The program closes with Promise at Dawn (France, 2017), a sweeping drama based on the acclaimed autobiographical novel by Romain Gary, born Roman Kacew in 1914 Vilna. A World War II aviator, diplomat, filmmaker, and the husband of Jean Seberg, Gary was raised by a determined, passionate Jewish mother (Charlotte Gainsbourg); Gary became a celebrated novelist and the only writer to have twice won the Goncourt Prize for French Literature. Catherine Portuges (University of Massachusetts Amherst) will introduce the film.
This film program is a culmination of our year-long curating and planning. As members of the Film Committee, we negotiate with distributors for the privilege of screening the most exciting new features and documentaries relevant to the AJS audience free of charge. Public performance rights can be quite expensive, and we are grateful for distributors’ cooperation in waiving fees in exchange for promotion of their films through our screenings. We hope that the festival films will be useful to you, whether for your research, teaching, or public programming. The printed conference program will include distributor contact information—please ask your libraries to order the films, or contact distributors directly. Your response to our program will help us secure cooperation from distributors in creating free screenings for future AJS conferences.

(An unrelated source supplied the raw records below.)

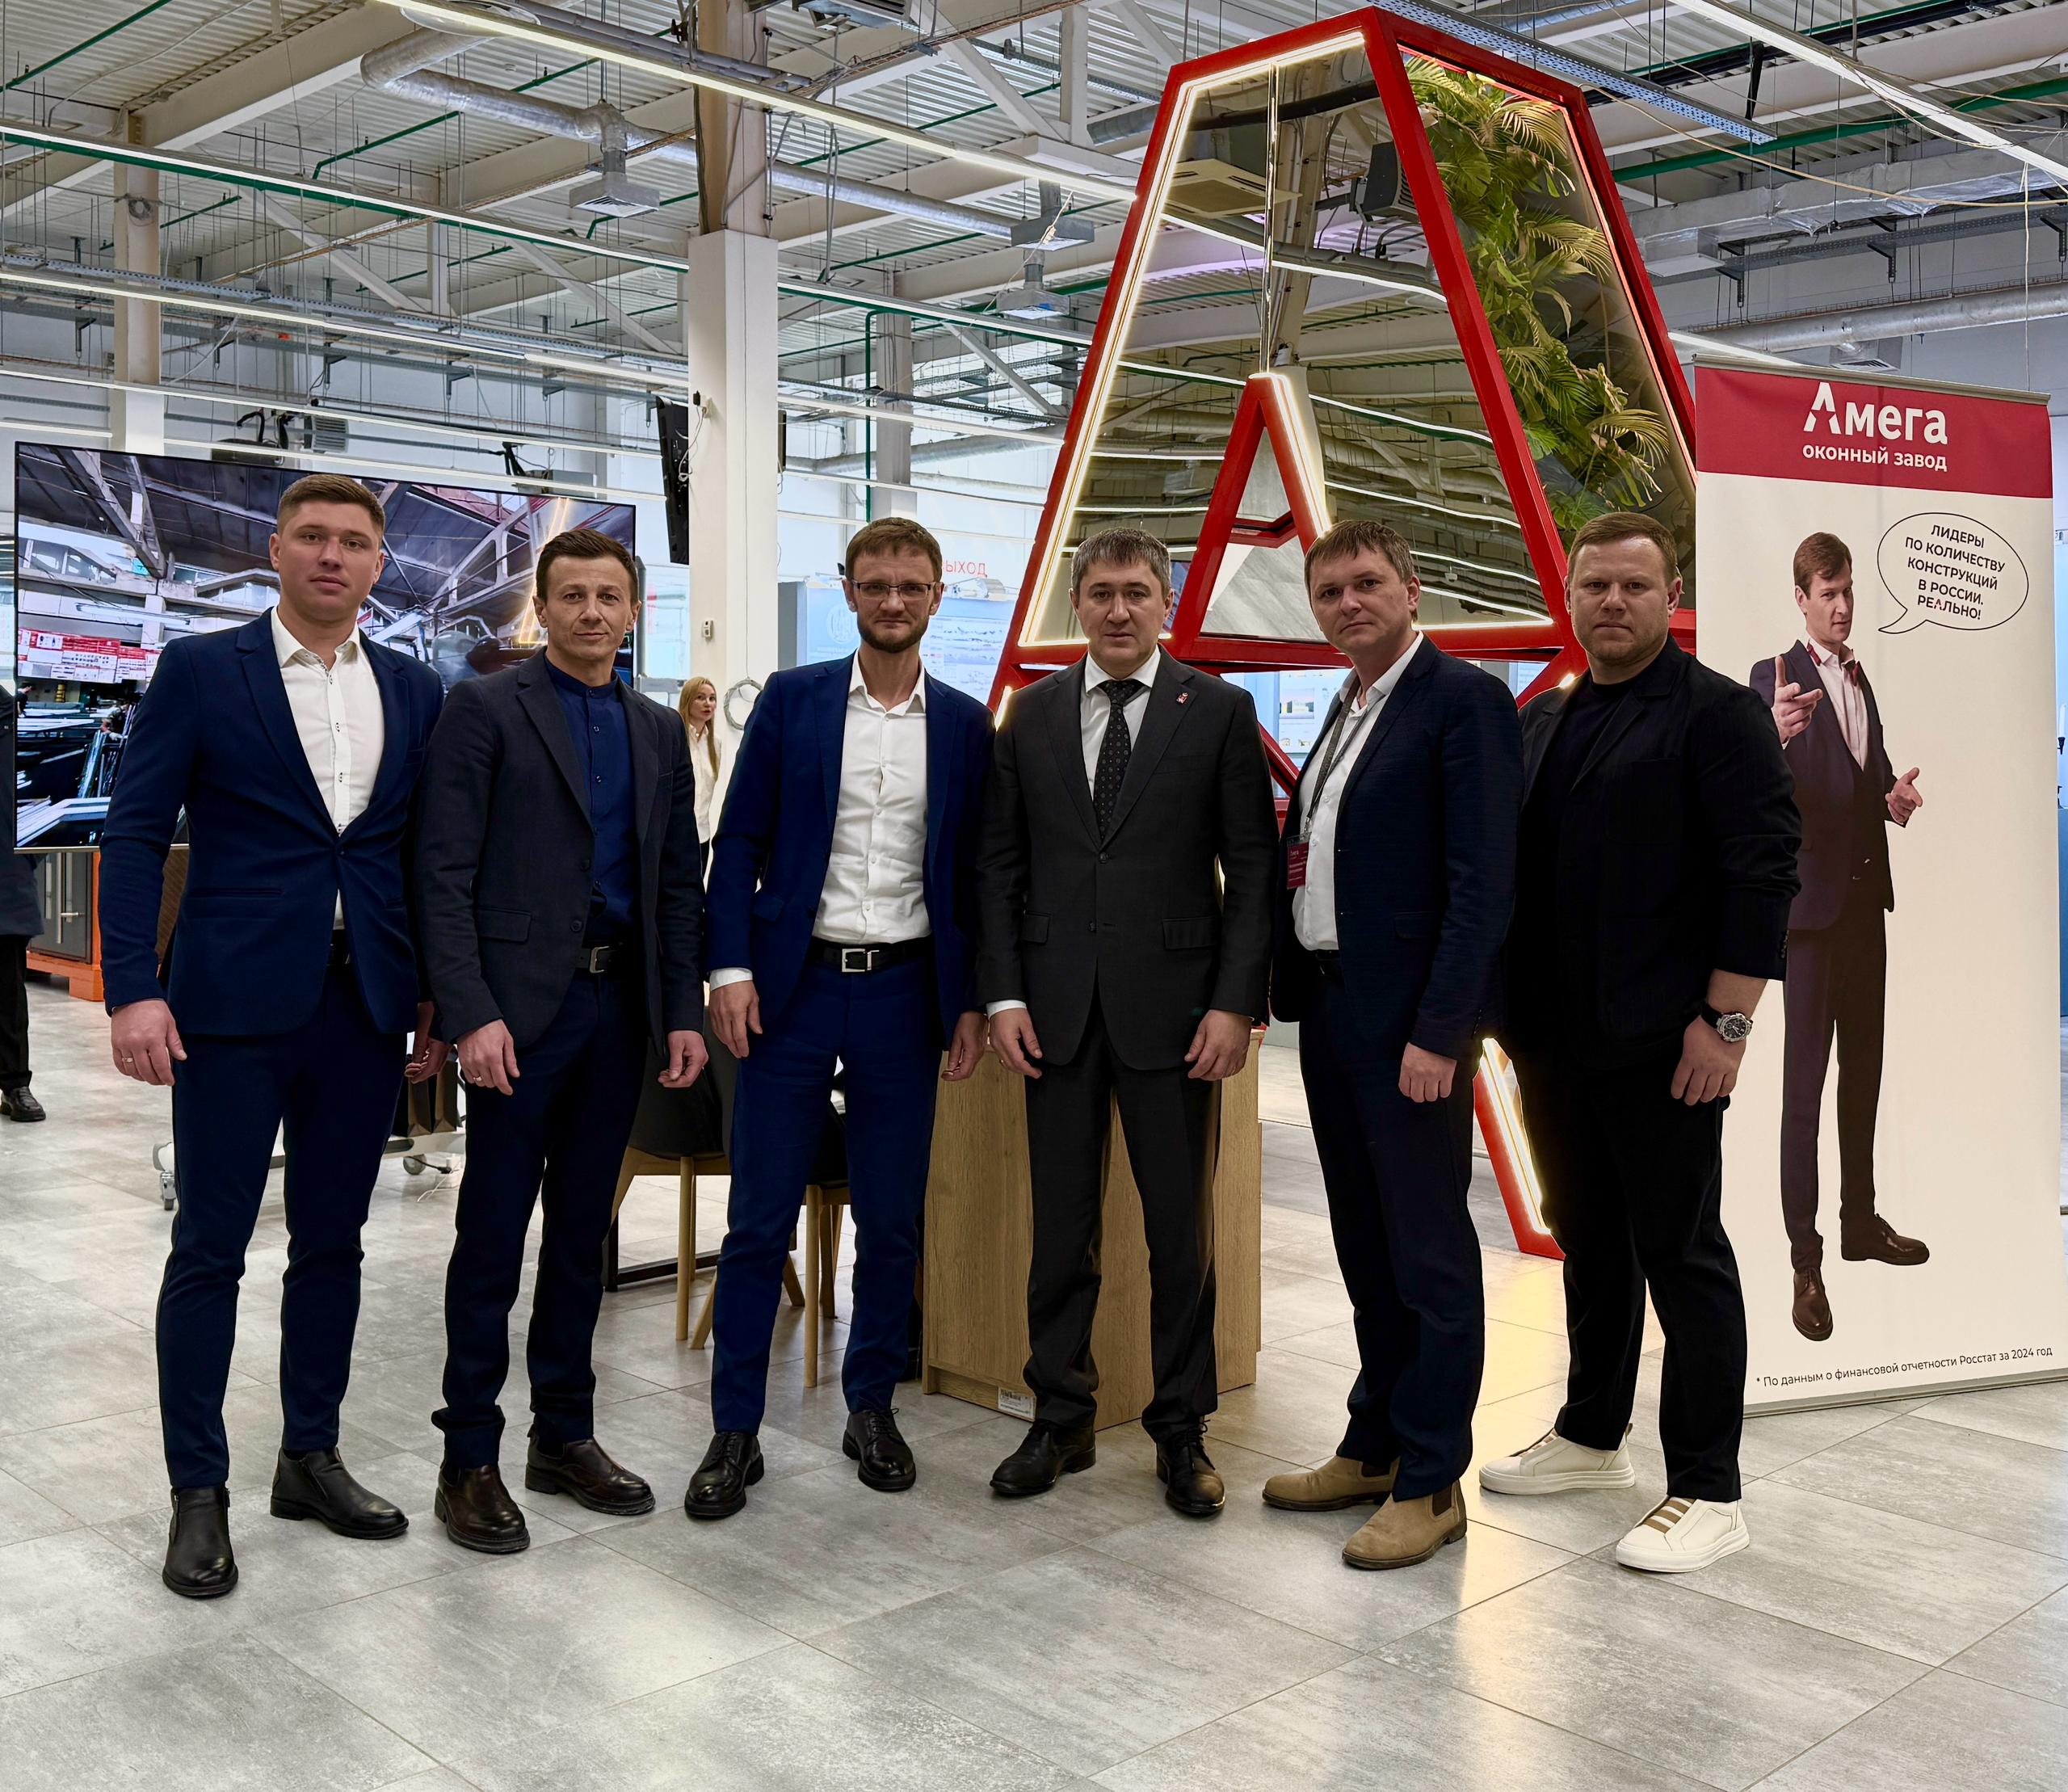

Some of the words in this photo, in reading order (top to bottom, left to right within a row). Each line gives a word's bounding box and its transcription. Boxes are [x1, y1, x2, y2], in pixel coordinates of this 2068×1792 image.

[1803, 381, 1948, 445] Амега
[1802, 444, 1889, 465] оконный
[1894, 452, 1948, 473] завод
[1931, 524, 1985, 549] ЛИДЕРЫ
[942, 560, 988, 578] ЫХОД
[1905, 536, 1923, 551] ПО
[1926, 542, 2006, 573] КОЛИЧЕСТВУ
[1907, 556, 1998, 591] КОНСТРУКЦИЙ
[1918, 578, 1927, 591] В
[1930, 581, 1984, 605] РОССИИ.
[1763, 1376, 1779, 1387] По
[1780, 1373, 1823, 1386] данным
[1826, 1372, 1833, 1380] о
[1835, 1363, 1899, 1381] финансовой
[1901, 1359, 1957, 1372] отчетности
[1959, 1352, 1997, 1365] Росстат
[1999, 1352, 2010, 1361] за
[2011, 1347, 2035, 1360] 2024
[2036, 1347, 2053, 1357] год
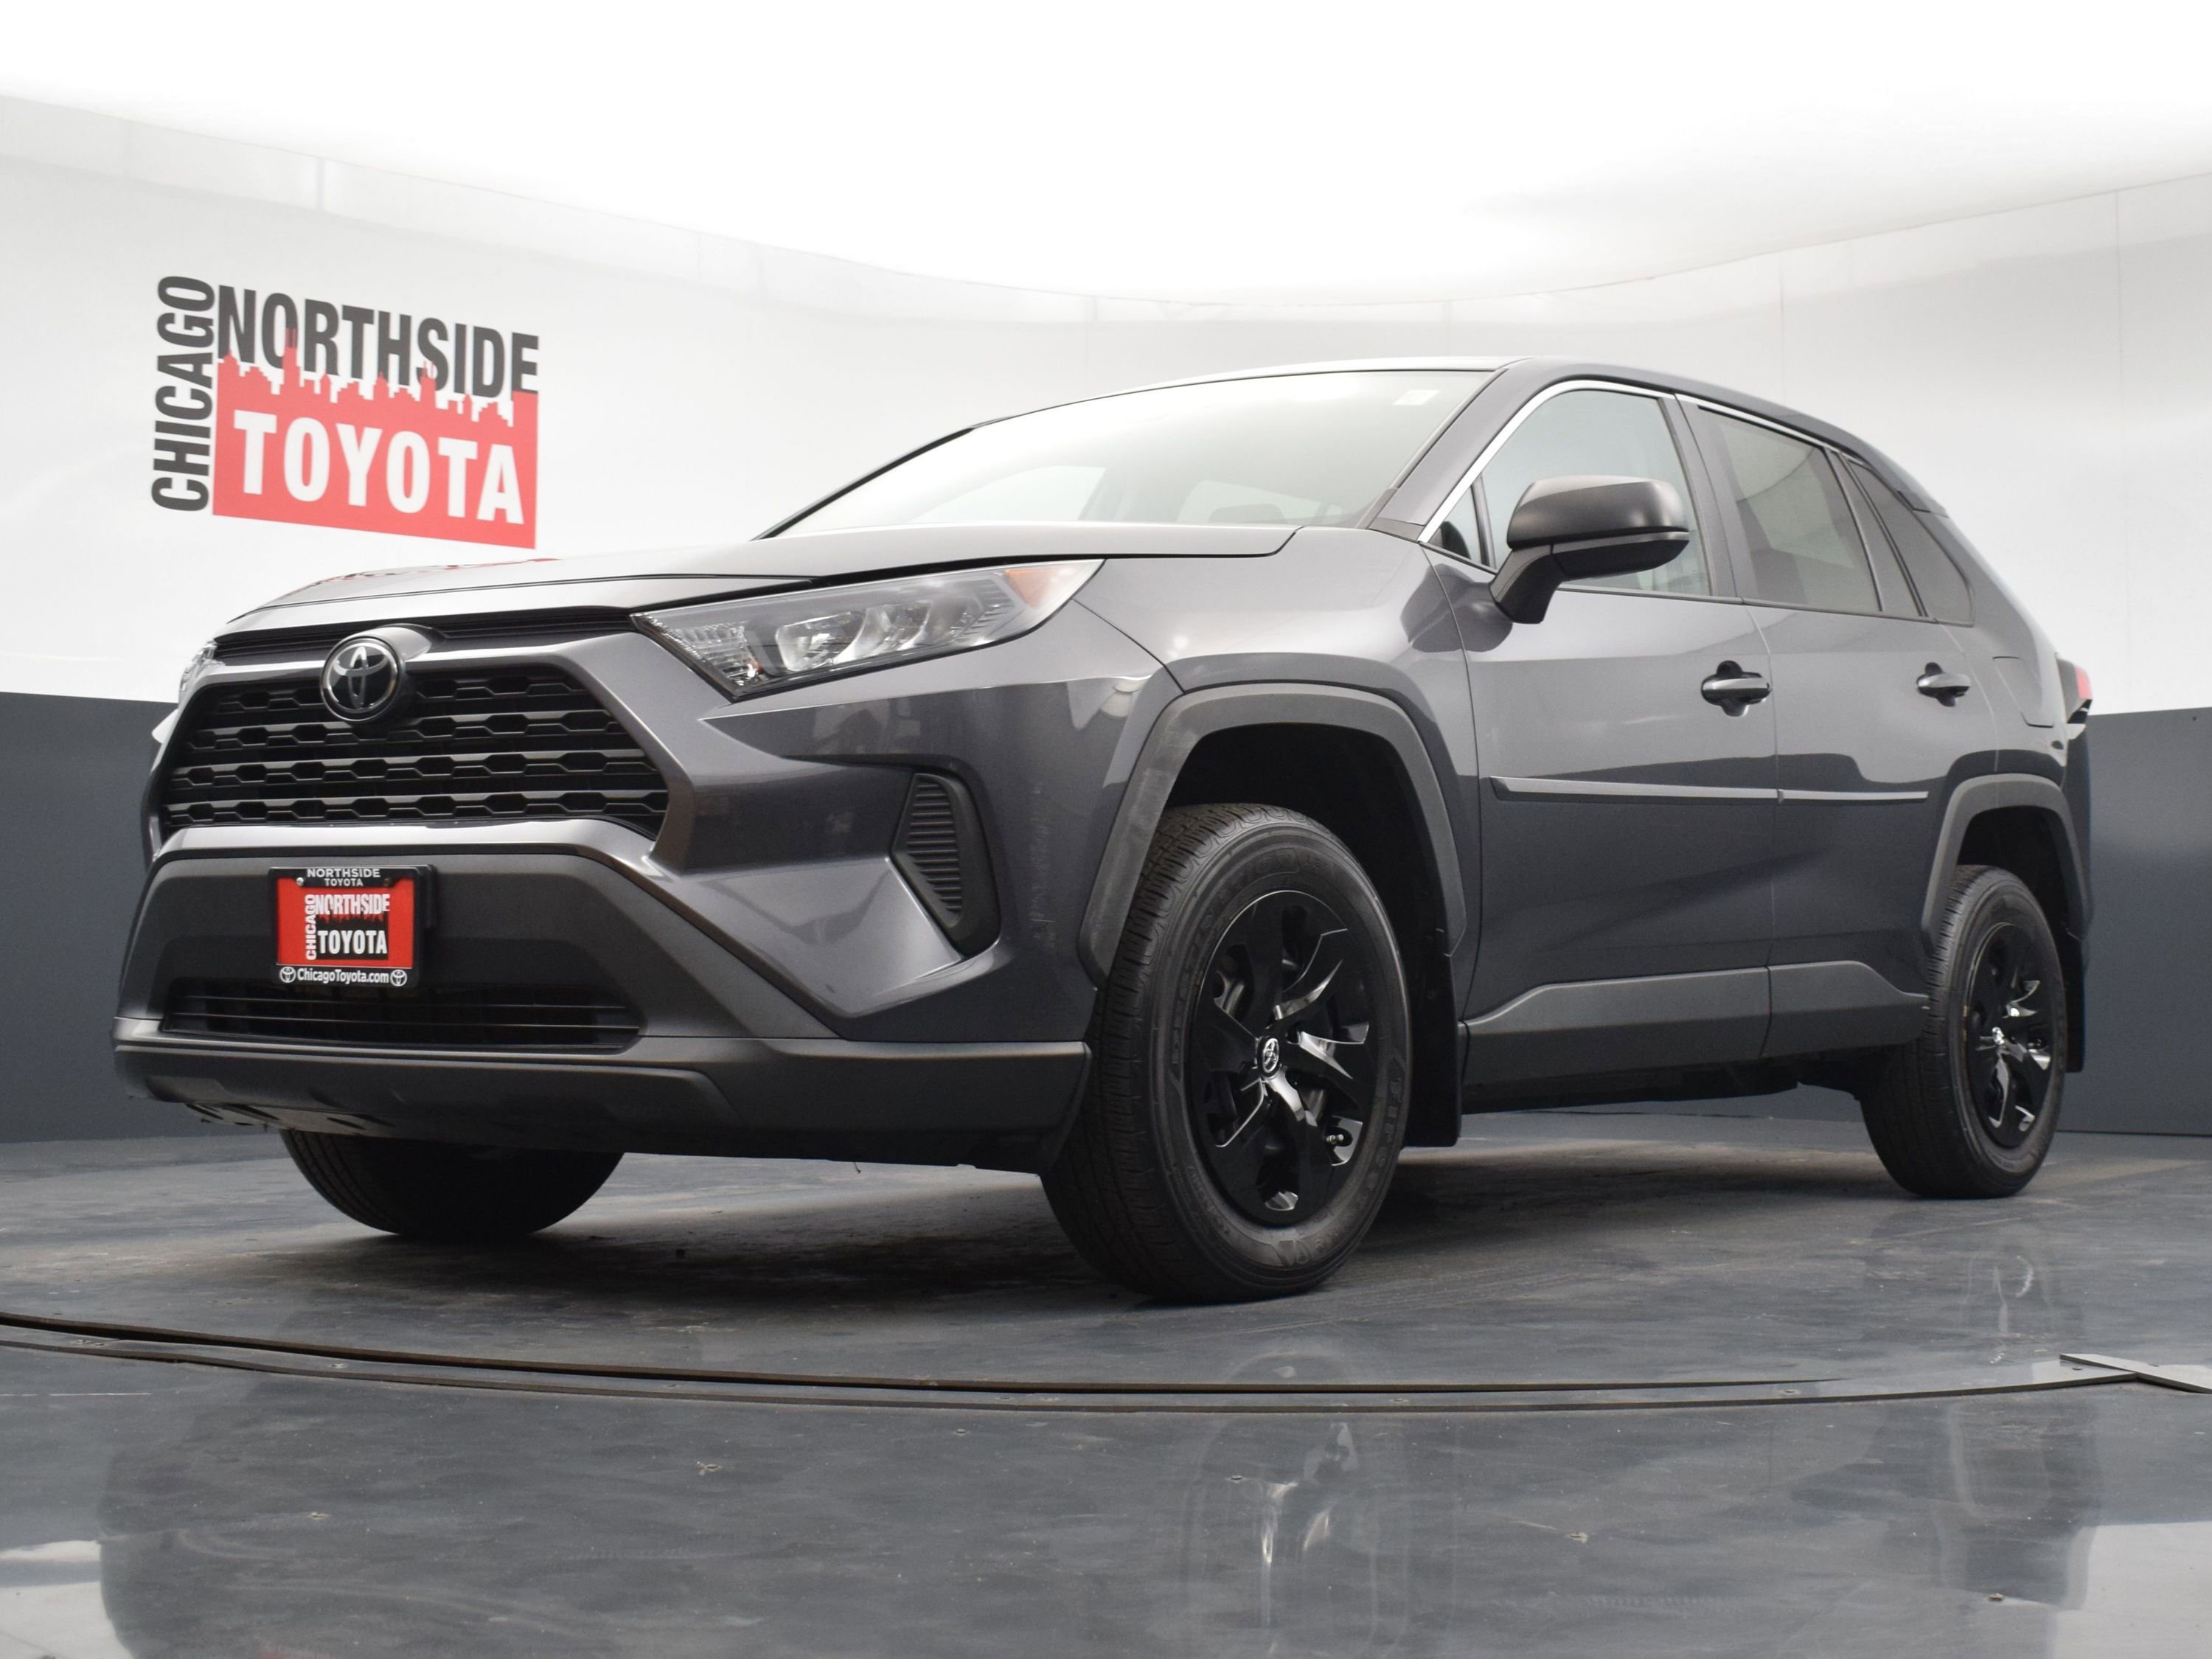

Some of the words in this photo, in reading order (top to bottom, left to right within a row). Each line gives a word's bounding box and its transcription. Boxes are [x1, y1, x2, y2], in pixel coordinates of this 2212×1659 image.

The Film Committee is also sponsoring a pedagogical session, Teaching through Film, which this year will focus on the Hebrew Bible. This session brings together scholars of religion, literature, and film to share experiences using film in their courses. Wendy Zierler (Hebrew Union College) will demonstrate the pedagogical method of “Inverted Midrash,” the backbone of her “Reel Theology” course and her book, Movies and Midrash. She’ll present a #Metoo-centered examination of the film Crimes and Misdemeanors in conjunction with the biblical story of David and Batsheva (II Samuel 11-12). Jessica Carr (Lafayette College), will discuss the film Noah in conjunction with Genesis 5-11 and 1 Enoch to teach about the process of canonization and the importance of Second Temple literature. Rachel Havrelock (University of Illinois at Chicago) will show how the triad of Moses-Yocheved-Tzipporah as depicted in The Ten Commandments, Prince of Egypt, and Gods and Kings opens up questions about race, Jewishness, and negotiation of ethnic difference.
We look forward to seeing you at the screenings and the pedagogical session celebrating the importance of cinema and media in scholarship and teaching. We value your feedback and appreciate your thoughts on films and formats you might like to see included in future conferences. See you at the movies!